I was distracted by the authors' artificial emphasis on the order of variables that affect grip.  For example, "The size of the contact patch has no bearing on the amount of grip generated at all".  How can grip be achieved without a contact patch??? Magic, levitation, super conductors or perhaps magnets??  The area necessarily imposes one condition on the maximum available grip that will be dependent on the constant of all other variables.  IOW, variables that affect the area of the contact patch (which the author discusses), such as width, pressure, or weight are merely being assigned a new hierarchy of importance, according to the authors opinion. 

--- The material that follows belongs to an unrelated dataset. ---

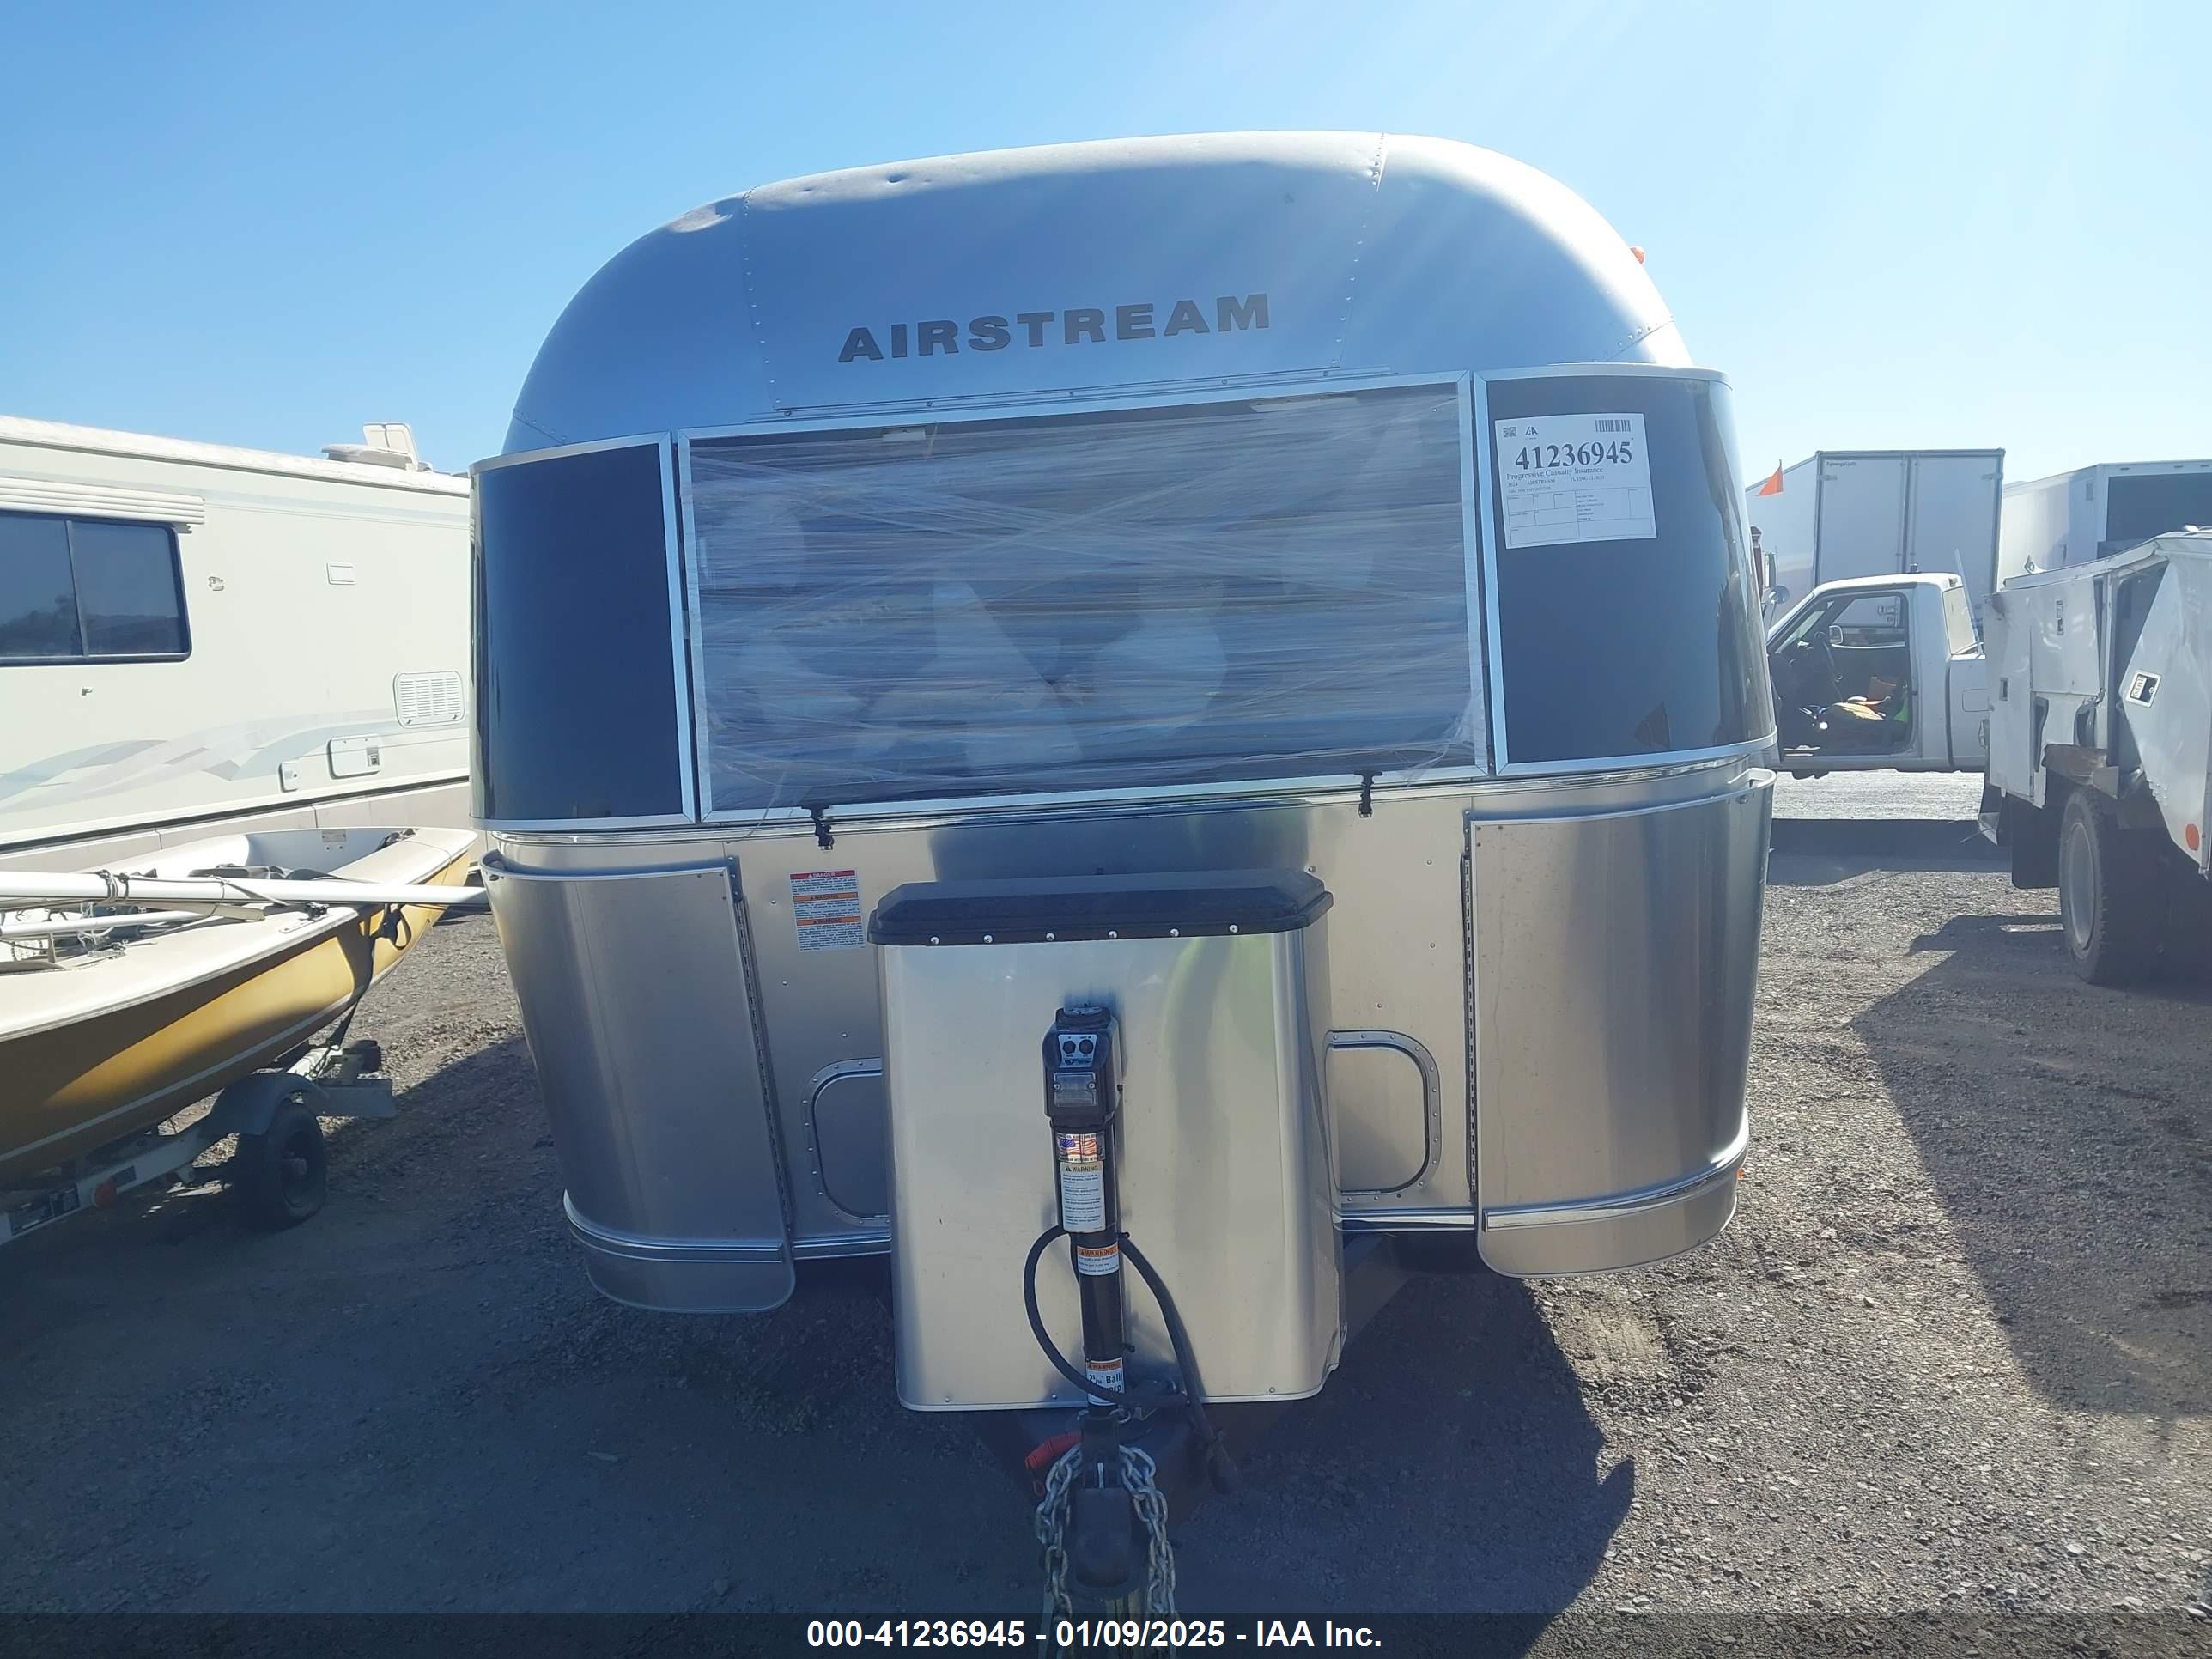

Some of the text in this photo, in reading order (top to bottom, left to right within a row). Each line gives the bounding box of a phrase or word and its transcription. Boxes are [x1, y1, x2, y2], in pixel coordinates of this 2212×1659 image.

He also arbitrarily dismisses what he refers too as "secondary factors" in order to strengthen his argument.  "Tyre width has no direct relation to the amount of grip generated; it is a secondary factor".  Since he also states that width affects the rate of cooling he seems to be contradicting himself because heat is related to friction which is directly related with grip.  Secondary or primary, they are both factors when calculating grip.  These type of comments weakened his overall argument.

Considering how many changing variables affect our tires in the real world such as; surface cf, humidity, heat, vegetation, oil, sand, downforce, drag, suspension, tire wear, alignment, tire temp, corner balance, etc., maybe it would have been more helpful if he just spent the same time explaining why (or why not) performance tires are usually wide, low, and soft compound slicks. His arguments are too abstract and artificial which is evident when he says, "we are only discussing tyres here".  No sir, we are discussing, "Tyres, Grip and All That..." which is the title of his article!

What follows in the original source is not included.